▶ Exercise prompt:
All records below are to be transcribed exactly, with every picture left out.

▶ Provided data:
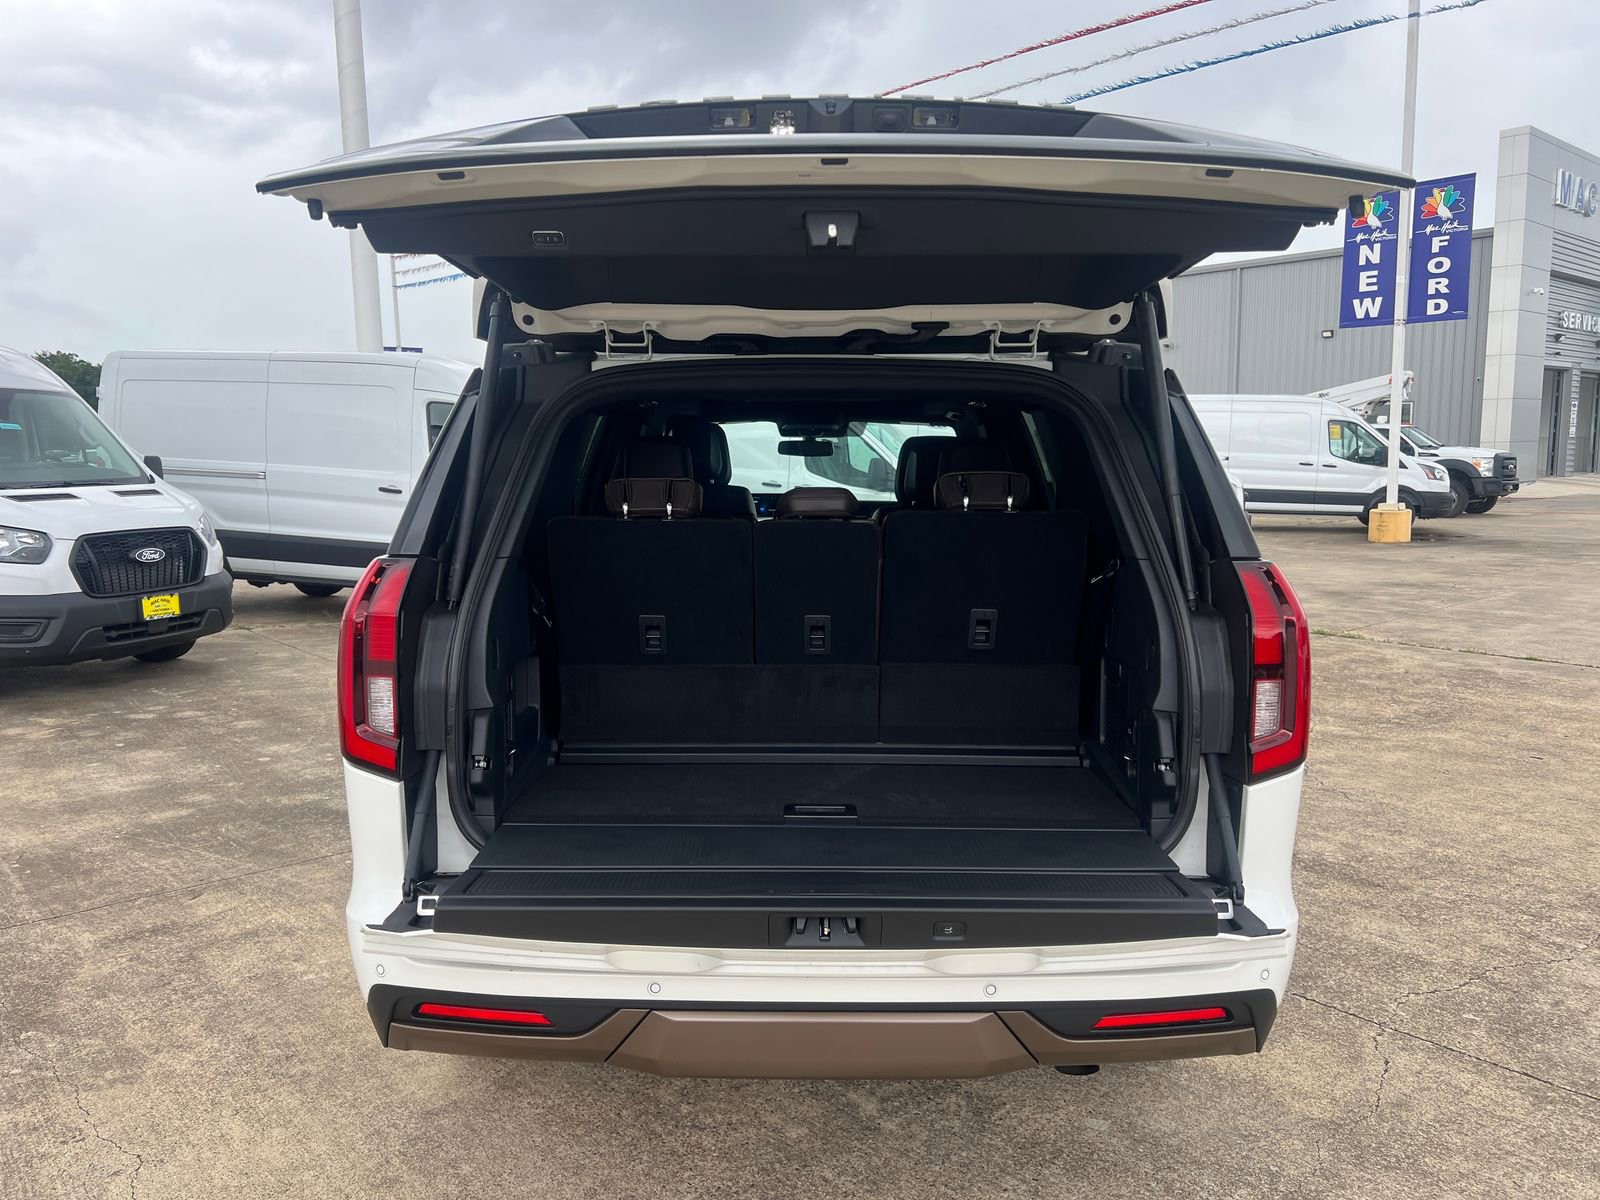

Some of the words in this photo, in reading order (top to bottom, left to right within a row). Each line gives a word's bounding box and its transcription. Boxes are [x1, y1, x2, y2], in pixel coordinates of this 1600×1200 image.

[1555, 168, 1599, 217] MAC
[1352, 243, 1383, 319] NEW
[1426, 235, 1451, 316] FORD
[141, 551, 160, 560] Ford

▶ Written answer:
Some of the words in this photo, in reading order (top to bottom, left to right within a row). Each line gives a word's bounding box and its transcription. Boxes are [x1, y1, x2, y2], in pixel coordinates of this 1600×1200 image.

[1555, 168, 1599, 217] MAC
[1352, 243, 1383, 319] NEW
[1426, 235, 1451, 316] FORD
[141, 551, 160, 560] Ford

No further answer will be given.